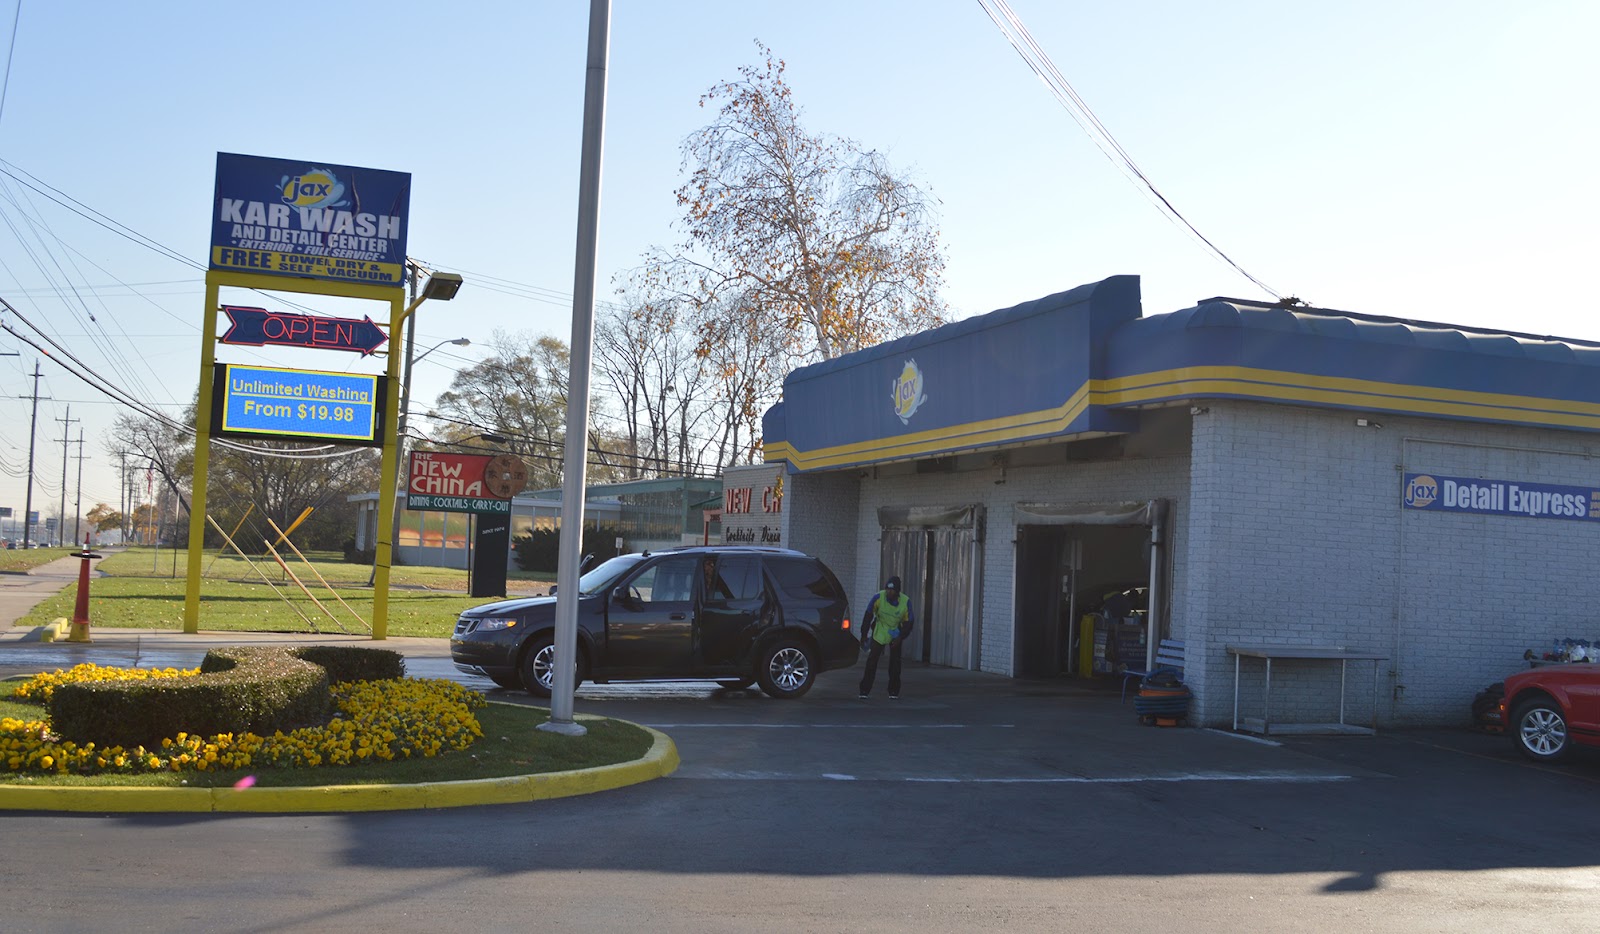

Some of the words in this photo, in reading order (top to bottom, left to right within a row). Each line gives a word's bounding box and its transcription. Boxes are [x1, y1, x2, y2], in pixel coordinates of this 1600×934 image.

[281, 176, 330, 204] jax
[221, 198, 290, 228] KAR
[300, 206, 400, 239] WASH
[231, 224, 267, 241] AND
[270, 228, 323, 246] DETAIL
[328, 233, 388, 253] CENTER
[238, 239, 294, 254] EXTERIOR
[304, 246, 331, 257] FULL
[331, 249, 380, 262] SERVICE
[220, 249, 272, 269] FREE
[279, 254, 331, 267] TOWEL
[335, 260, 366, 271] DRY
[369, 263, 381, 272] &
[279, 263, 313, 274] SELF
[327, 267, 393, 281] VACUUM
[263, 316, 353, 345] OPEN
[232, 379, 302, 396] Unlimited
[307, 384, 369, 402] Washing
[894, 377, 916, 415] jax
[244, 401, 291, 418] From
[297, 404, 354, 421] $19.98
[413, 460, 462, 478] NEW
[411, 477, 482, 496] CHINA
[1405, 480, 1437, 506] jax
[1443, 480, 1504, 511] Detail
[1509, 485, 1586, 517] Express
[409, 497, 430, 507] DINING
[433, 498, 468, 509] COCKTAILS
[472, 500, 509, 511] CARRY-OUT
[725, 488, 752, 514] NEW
□ □ □ □ □
Before copying the data, remove the pictures. Then repeat the rest exactly.

Some of the words in this photo, in reading order (top to bottom, left to right within a row). Each line gives a word's bounding box and its transcription. Boxes are [x1, y1, x2, y2], in pixel coordinates of this 1600×934 image.

[281, 176, 330, 204] jax
[221, 198, 290, 228] KAR
[300, 206, 400, 239] WASH
[231, 224, 267, 241] AND
[270, 228, 323, 246] DETAIL
[328, 233, 388, 253] CENTER
[238, 239, 294, 254] EXTERIOR
[304, 246, 331, 257] FULL
[331, 249, 380, 262] SERVICE
[220, 249, 272, 269] FREE
[279, 254, 331, 267] TOWEL
[335, 260, 366, 271] DRY
[369, 263, 381, 272] &
[279, 263, 313, 274] SELF
[327, 267, 393, 281] VACUUM
[263, 316, 353, 345] OPEN
[232, 379, 302, 396] Unlimited
[307, 384, 369, 402] Washing
[894, 377, 916, 415] jax
[244, 401, 291, 418] From
[297, 404, 354, 421] $19.98
[413, 460, 462, 478] NEW
[411, 477, 482, 496] CHINA
[1405, 480, 1437, 506] jax
[1443, 480, 1504, 511] Detail
[1509, 485, 1586, 517] Express
[409, 497, 430, 507] DINING
[433, 498, 468, 509] COCKTAILS
[472, 500, 509, 511] CARRY-OUT
[725, 488, 752, 514] NEW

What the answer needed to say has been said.